#### Task to carry out
From the line containing "this 2116×1075 image." through the last line of the entries, output the text exactly. Pictures stay out.

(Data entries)

----------------

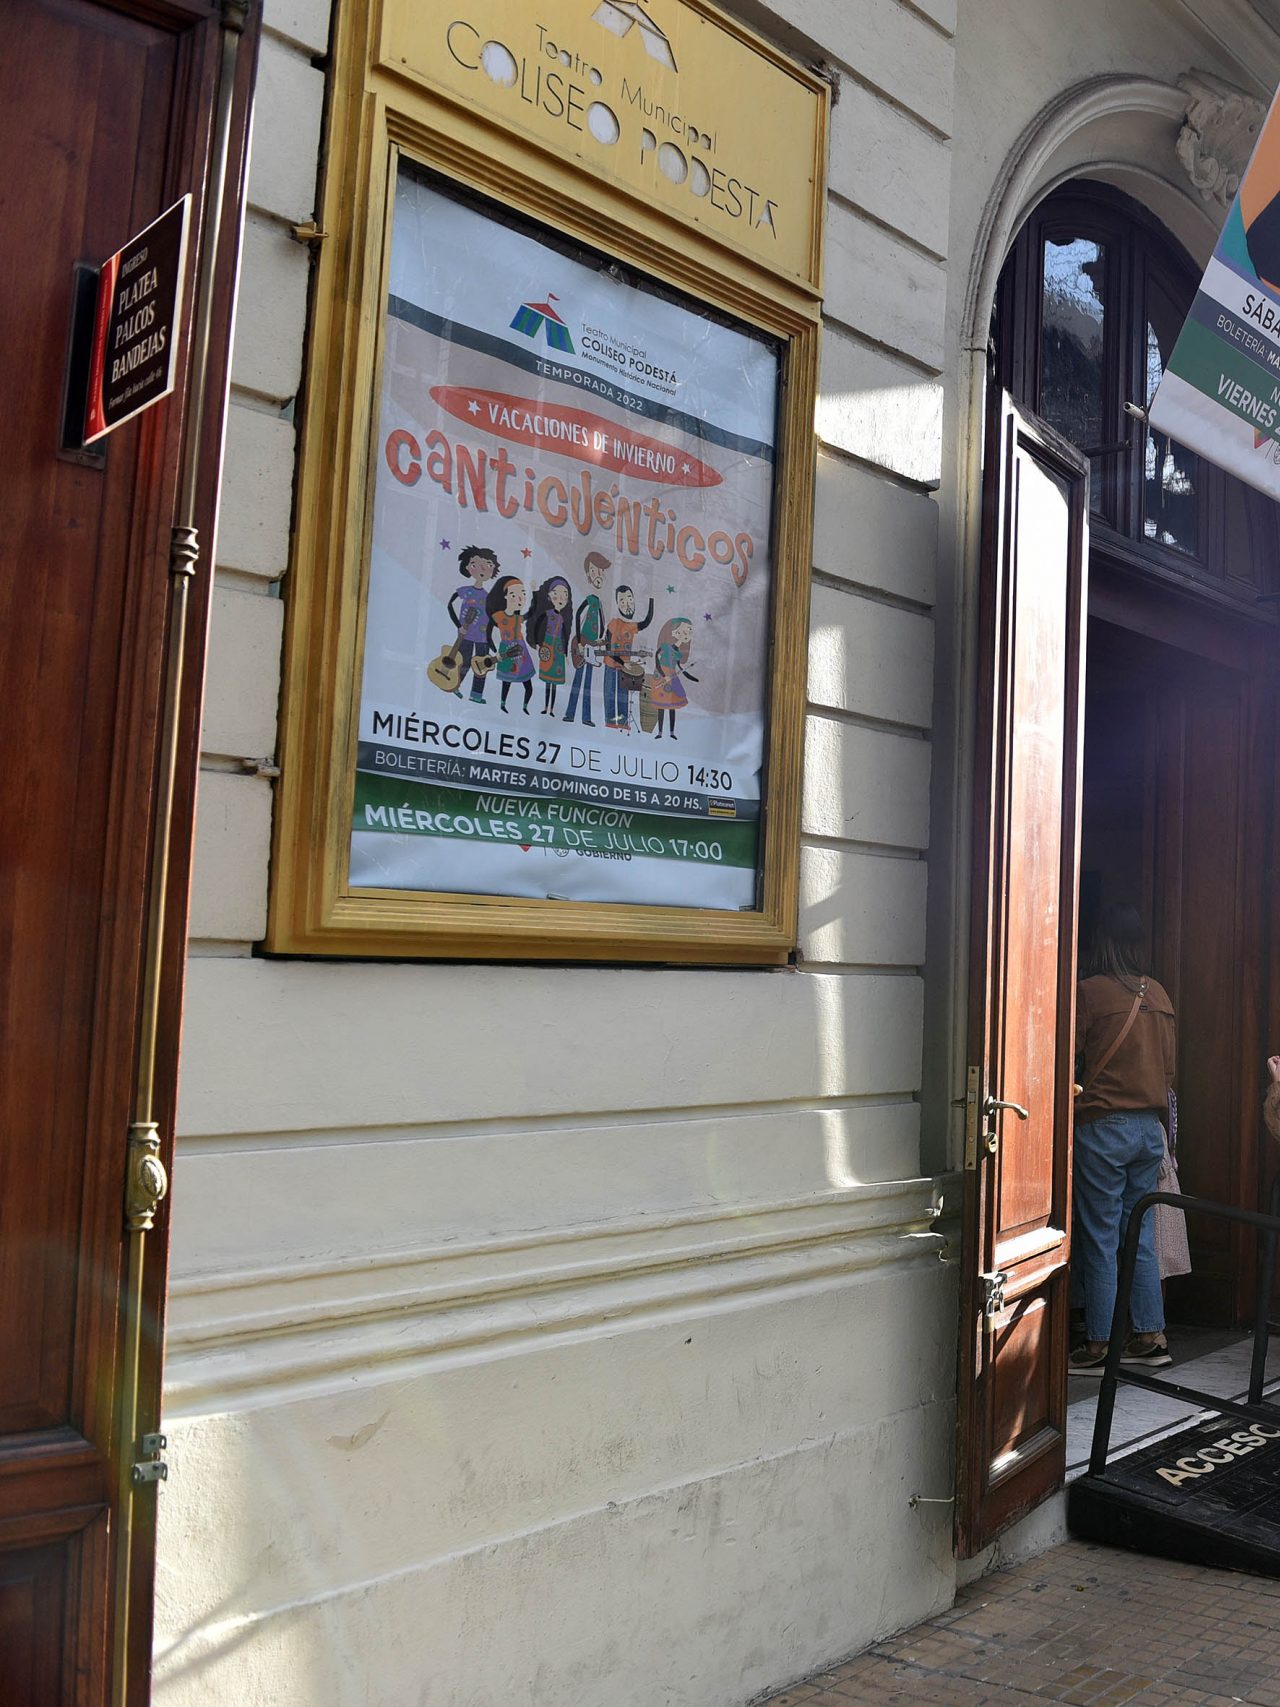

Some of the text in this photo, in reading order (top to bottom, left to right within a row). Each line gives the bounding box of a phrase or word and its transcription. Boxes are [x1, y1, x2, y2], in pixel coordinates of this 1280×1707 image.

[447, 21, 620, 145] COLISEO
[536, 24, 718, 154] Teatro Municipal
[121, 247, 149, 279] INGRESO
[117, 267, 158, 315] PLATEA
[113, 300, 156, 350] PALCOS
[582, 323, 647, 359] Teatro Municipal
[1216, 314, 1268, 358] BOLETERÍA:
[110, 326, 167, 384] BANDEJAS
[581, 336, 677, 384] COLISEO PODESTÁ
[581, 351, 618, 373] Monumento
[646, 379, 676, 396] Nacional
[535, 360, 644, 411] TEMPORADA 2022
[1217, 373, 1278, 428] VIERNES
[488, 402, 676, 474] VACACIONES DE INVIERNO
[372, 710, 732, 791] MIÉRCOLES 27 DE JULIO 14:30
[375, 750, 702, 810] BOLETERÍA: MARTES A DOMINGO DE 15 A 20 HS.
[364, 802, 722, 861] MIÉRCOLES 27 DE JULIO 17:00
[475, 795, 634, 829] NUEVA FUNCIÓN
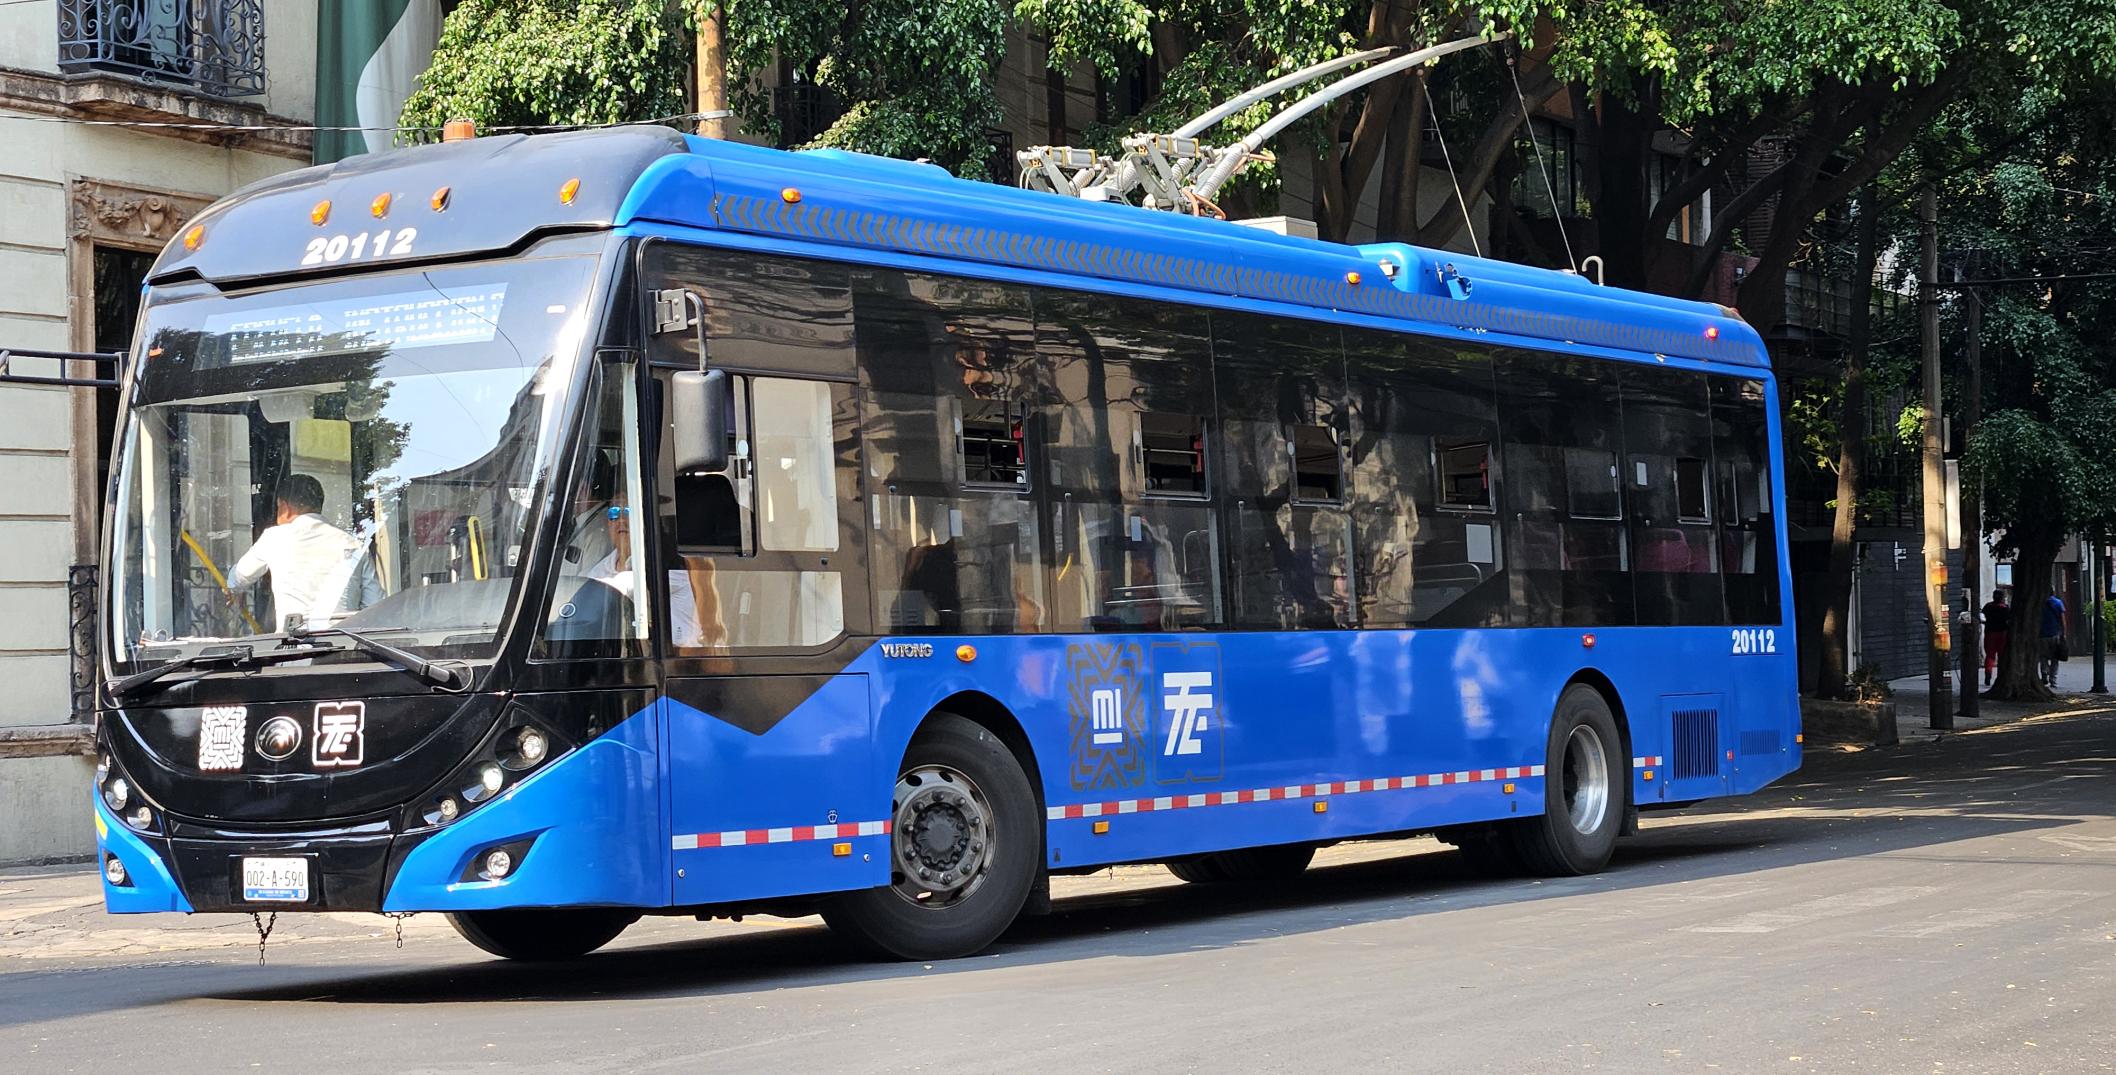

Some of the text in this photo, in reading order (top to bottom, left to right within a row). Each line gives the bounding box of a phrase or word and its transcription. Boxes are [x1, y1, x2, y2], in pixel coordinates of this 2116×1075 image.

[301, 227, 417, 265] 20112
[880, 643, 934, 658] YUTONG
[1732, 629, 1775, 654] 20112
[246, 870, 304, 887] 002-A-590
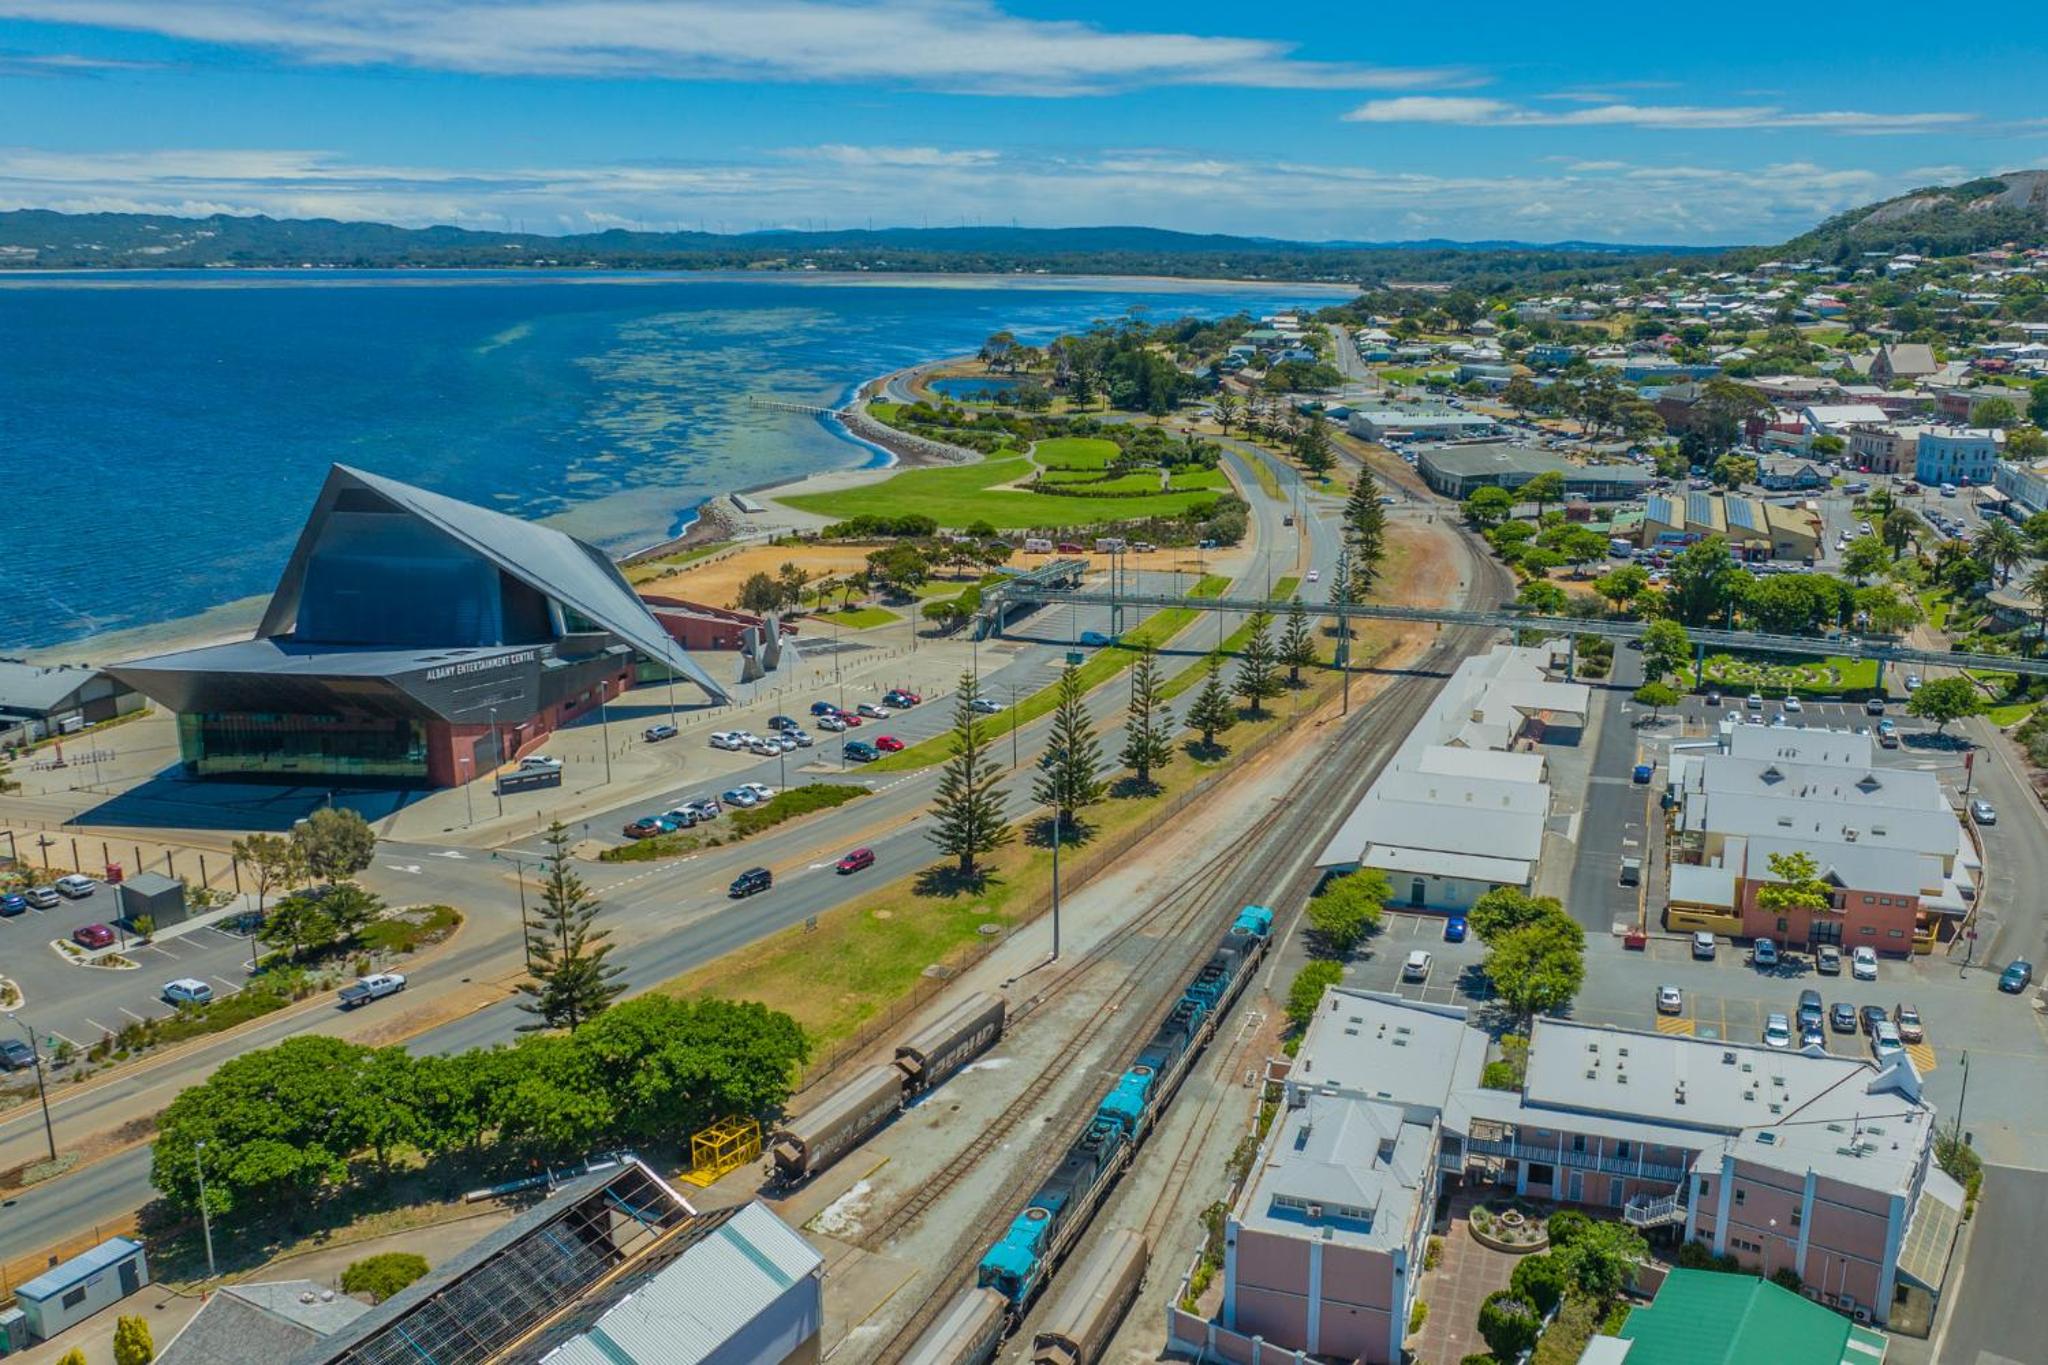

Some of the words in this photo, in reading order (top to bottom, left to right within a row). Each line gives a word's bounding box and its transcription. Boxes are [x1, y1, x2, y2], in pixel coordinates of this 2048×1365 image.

----------------

#### Exercise response
Some of the text in this photo, in reading order (top to bottom, left to right within a row). Each line gives the bounding box of a phrase or word and its transcription. Boxes are [x1, y1, x2, y2], in pixel coordinates of this 2116×1075 image.

[301, 227, 417, 265] 20112
[880, 643, 934, 658] YUTONG
[1732, 629, 1775, 654] 20112
[246, 870, 304, 887] 002-A-590

Some of the words in this photo, in reading order (top to bottom, left to right within a row). Each line gives a word's bounding box and its transcription. Boxes are [x1, y1, x2, y2], in pixel coordinates of this 2048×1365 image.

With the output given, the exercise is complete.